Nos tempos atuais, em que as pessoas estão cada vez mais presentes na internet, o artista alcança facilmente o sucesso. Em contrapartida, da mesma forma pode ser “cancelado” também em redes sociais. O que Sheron pensa sobre o ódio que parece estar presente no coração das pessoas? “Atrás da tela do celular, alguns se tornam (ou acham que se tornam) poderosos para julgar o que está certo e errado. Espero que após essa fase triste que passamos, as pessoas repensem essas atitudes. A cultura do cancelamento é tão limitadora. Por conta dela, muita gente anda com medo de inovar, de mostrar algo novo pois quem faz isso pode está fadado a errar. Mas errar faz parte do aprendizado, da evolução. Quem não inova, quem não erra, quem não arrisca, fica sempre no mesmo lugar”, avalia.

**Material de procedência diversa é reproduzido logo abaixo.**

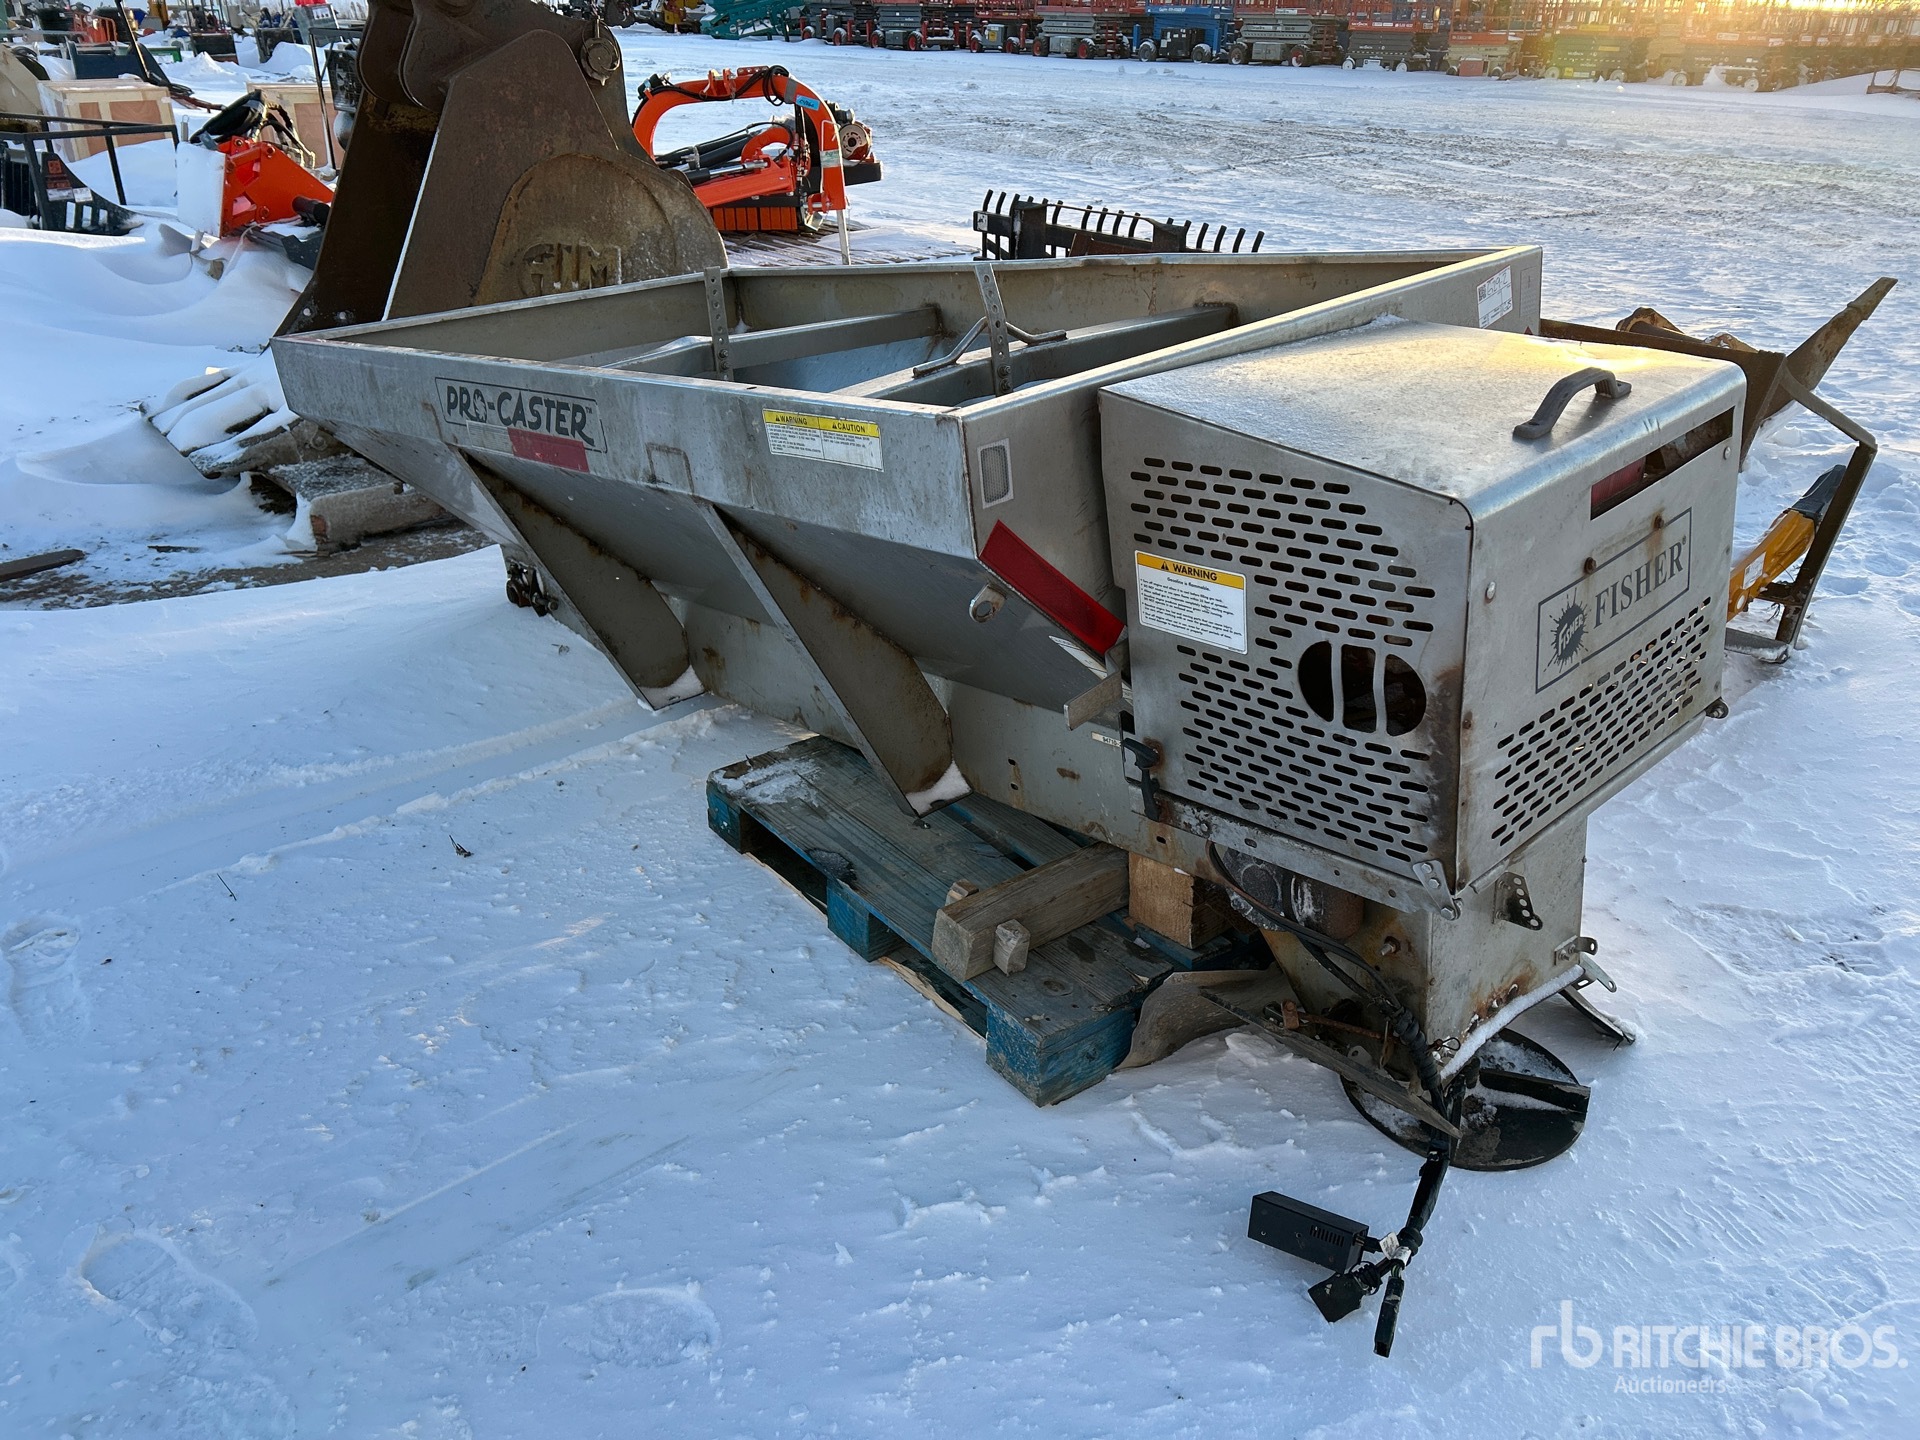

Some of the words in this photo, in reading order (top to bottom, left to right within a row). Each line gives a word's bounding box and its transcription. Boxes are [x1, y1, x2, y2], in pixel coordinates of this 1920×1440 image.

[446, 385, 597, 448] PRO-CASTER
[837, 421, 866, 434] CAUTION
[1172, 563, 1218, 581] WARNING
[1593, 541, 1684, 629] FISHER
[1558, 613, 1585, 657] FISHER

E até onde permite que uma pessoa dê seu ponto de vista na internet? Onde começa a ofensa? “Ponto de vista é algo muito diferente de ofensa, nos faz bem, nos faz refletir e crescer. Ofensa só dói, machuca. Então, permito somente até onde me faz aprender. Gosto de debater com quem tem a opinião diferente da minha, pois o diálogo é sempre válido. Mas não respondo nenhuma ofensa. Responder ofensa é lavar a alma com lama, e isso não vou fazer” garante. E faz um balanço sobre a mulher brasileira: “Eu li e amei a frase ‘A nova mulher brasileira é uma locomotiva que move a própria comunidade’. Somos cada vez mais fortes, alfabetizadas e menos vulneráveis. Nada pode nos parar”, frisa.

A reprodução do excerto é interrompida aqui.